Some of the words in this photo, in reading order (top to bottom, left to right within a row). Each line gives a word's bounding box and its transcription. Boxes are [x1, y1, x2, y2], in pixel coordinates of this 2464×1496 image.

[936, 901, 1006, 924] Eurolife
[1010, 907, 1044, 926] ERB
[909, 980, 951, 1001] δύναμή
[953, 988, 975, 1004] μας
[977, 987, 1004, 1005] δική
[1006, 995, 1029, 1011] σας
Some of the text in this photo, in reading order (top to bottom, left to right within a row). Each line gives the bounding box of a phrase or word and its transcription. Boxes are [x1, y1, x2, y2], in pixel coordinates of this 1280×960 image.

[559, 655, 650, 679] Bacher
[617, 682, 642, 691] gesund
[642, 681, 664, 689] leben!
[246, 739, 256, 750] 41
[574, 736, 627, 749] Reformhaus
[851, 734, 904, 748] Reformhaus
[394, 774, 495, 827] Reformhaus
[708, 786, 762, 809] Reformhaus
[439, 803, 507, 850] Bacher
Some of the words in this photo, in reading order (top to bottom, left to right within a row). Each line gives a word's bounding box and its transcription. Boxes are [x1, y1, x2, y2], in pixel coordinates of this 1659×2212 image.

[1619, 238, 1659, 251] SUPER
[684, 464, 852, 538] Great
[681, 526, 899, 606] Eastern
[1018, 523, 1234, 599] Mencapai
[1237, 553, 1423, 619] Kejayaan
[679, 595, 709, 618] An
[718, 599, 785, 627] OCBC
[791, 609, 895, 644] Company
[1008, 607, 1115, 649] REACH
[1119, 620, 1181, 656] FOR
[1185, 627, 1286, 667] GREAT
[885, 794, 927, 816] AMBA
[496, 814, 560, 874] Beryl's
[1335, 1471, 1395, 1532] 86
==*==
TASK — Output the entries exactly. Leave nothing out.

SOLVED EXERCISE —
Some of the words in this photo, in reading order (top to bottom, left to right within a row). Each line gives a word's bounding box and its transcription. Boxes are [x1, y1, x2, y2], in pixel coordinates of this 2464×1496 image.

[936, 901, 1006, 924] Eurolife
[1010, 907, 1044, 926] ERB
[909, 980, 951, 1001] δύναμή
[953, 988, 975, 1004] μας
[977, 987, 1004, 1005] δική
[1006, 995, 1029, 1011] σας
Some of the text in this photo, in reading order (top to bottom, left to right within a row). Each line gives the bounding box of a phrase or word and its transcription. Boxes are [x1, y1, x2, y2], in pixel coordinates of this 1280×960 image.

[559, 655, 650, 679] Bacher
[617, 682, 642, 691] gesund
[642, 681, 664, 689] leben!
[246, 739, 256, 750] 41
[574, 736, 627, 749] Reformhaus
[851, 734, 904, 748] Reformhaus
[394, 774, 495, 827] Reformhaus
[708, 786, 762, 809] Reformhaus
[439, 803, 507, 850] Bacher
Some of the words in this photo, in reading order (top to bottom, left to right within a row). Each line gives a word's bounding box and its transcription. Boxes are [x1, y1, x2, y2], in pixel coordinates of this 1659×2212 image.

[1619, 238, 1659, 251] SUPER
[684, 464, 852, 538] Great
[681, 526, 899, 606] Eastern
[1018, 523, 1234, 599] Mencapai
[1237, 553, 1423, 619] Kejayaan
[679, 595, 709, 618] An
[718, 599, 785, 627] OCBC
[791, 609, 895, 644] Company
[1008, 607, 1115, 649] REACH
[1119, 620, 1181, 656] FOR
[1185, 627, 1286, 667] GREAT
[885, 794, 927, 816] AMBA
[496, 814, 560, 874] Beryl's
[1335, 1471, 1395, 1532] 86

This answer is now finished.